# ever seen dark (black) spots on a largemouth?



## crawdiddy (Apr 10, 2006)

Caught a largemouth today 14" or so and it had about 5 black spots on it. They didn't look unhealthy or anything but rather like when your ink pen leaks in your jeans back pocket and you get a nickel sized dark spot. It was actually pretty cool looking. Upper part of tail fin had a spot, forehead, front side, and part of dorsal fin. I'll pics when my film gets developed. I've never seen this before. Some of the spots were smaller than nickel sized and not all were circular.
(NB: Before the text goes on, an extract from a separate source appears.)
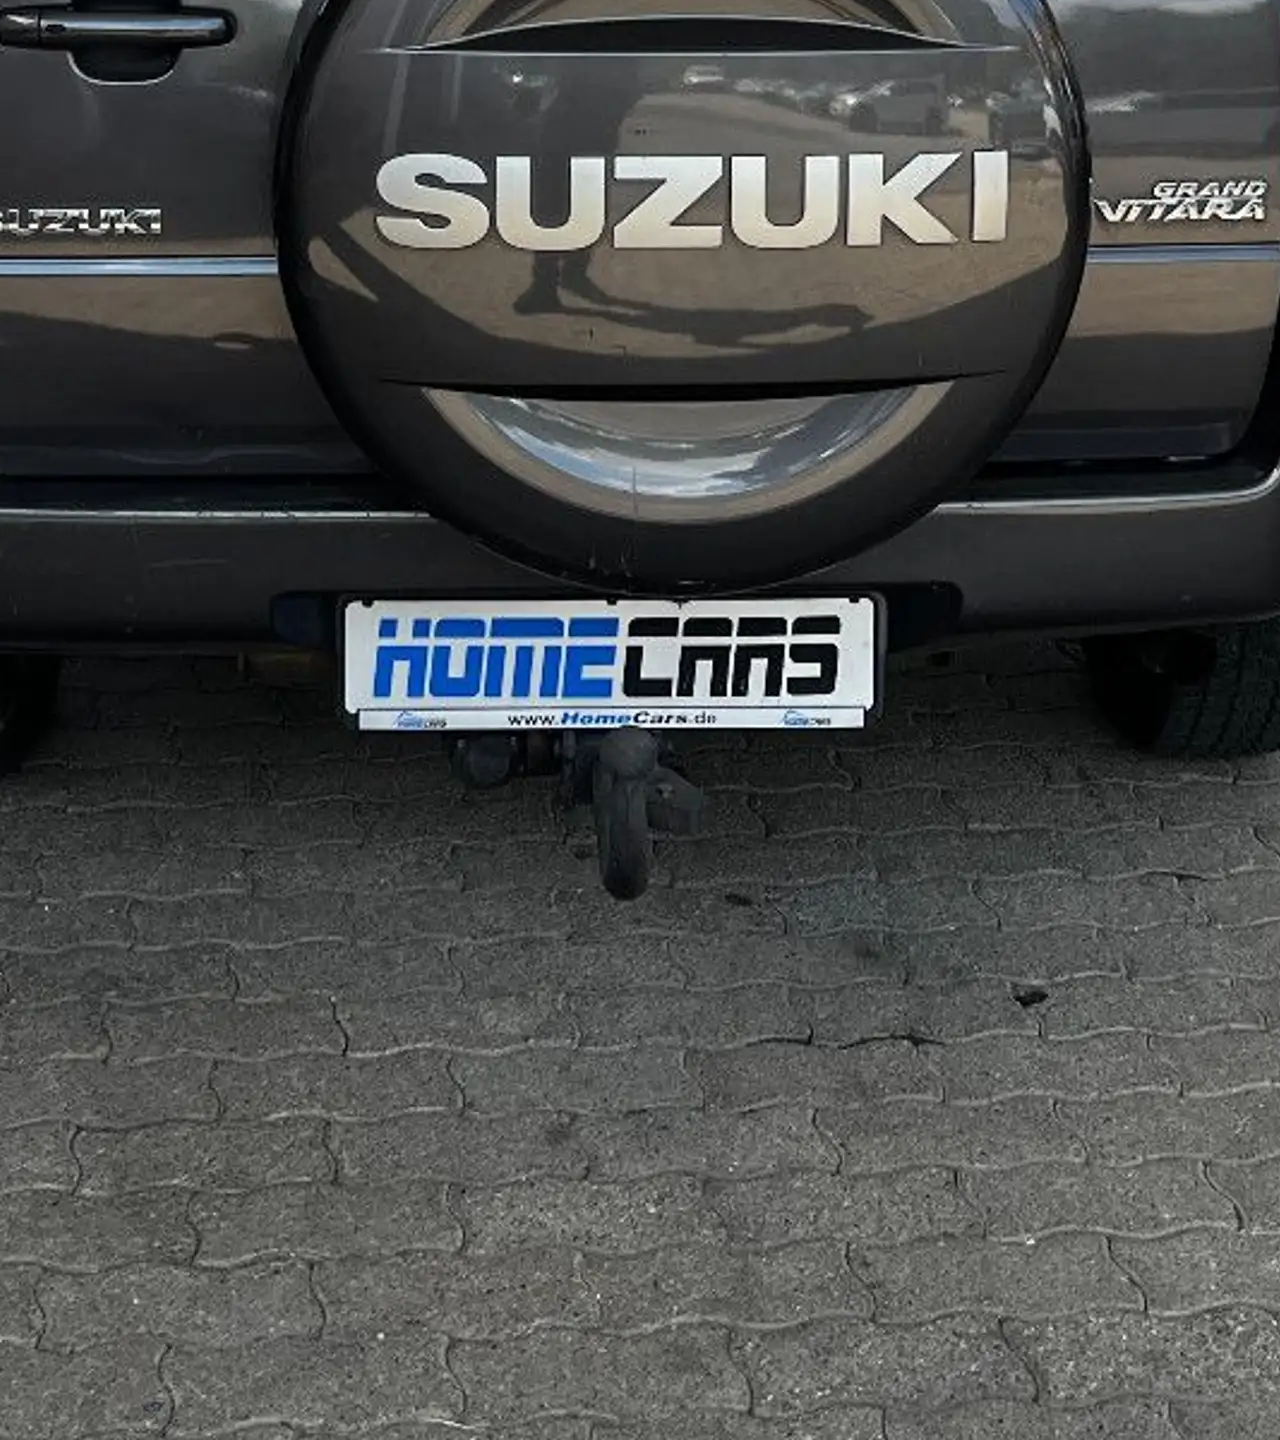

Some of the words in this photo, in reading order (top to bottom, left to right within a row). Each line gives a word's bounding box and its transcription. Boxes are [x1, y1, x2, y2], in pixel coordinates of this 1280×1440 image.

[1153, 180, 1267, 198] GRAND
[375, 150, 1009, 251] SUZUKI
[1093, 198, 1265, 222] VITARA
[507, 711, 717, 728] www.HomeCars.de
Neat looking fish.


----------



## sauguy (Apr 8, 2004)

caught a couple like that at tappen last year.


----------



## DaleM (Apr 5, 2004)

You see that all the time in the rivers. They say it's a fungus caused by water and the temp. of the water. That's why I say never drink the water.  
My Grandfather always said water is for two things,-- washing your feet and mixing bourbon!


----------



## TheSonicMarauder (Mar 9, 2006)

ive seent that a few times this year... mainly at a private lake but i noticed smallies in the hoga seem to have the same type of discoloration covering the whole white section underneath, making it look grey, but it seems to help with their camoflauge


----------



## FABA_Guy24 (Apr 22, 2005)

ive caught serveral largemouths out of the blanchard river that had those spots. they were a bit bigger spots b/c the fish was atleast 3 1/2lb to 4lbs. They were probably the size of quarter dollars.


----------



## crawdiddy (Apr 10, 2006)

so those will more than likely disapear at some point then? Fish seemed healthy and put up a nice fight (that day I got a largemouth (this one) I thought was a smallmouth, and a smallmouth 18.5 that I thought was a a largemouth. I'm nearly certain I caught the identical smallmouth about 2 weeks ago (this one was exactly the same length and I could tell it had been caught recently as its lip was slightly sore looking).


----------



## Treebass227 (Jul 31, 2006)

I caught a bass like that yesterday. Didn't seem sick, but I thought the spots looked like a fungus or something. I guess it is common, maybe this time of year.


----------



## DROP-SHOT (Jan 10, 2005)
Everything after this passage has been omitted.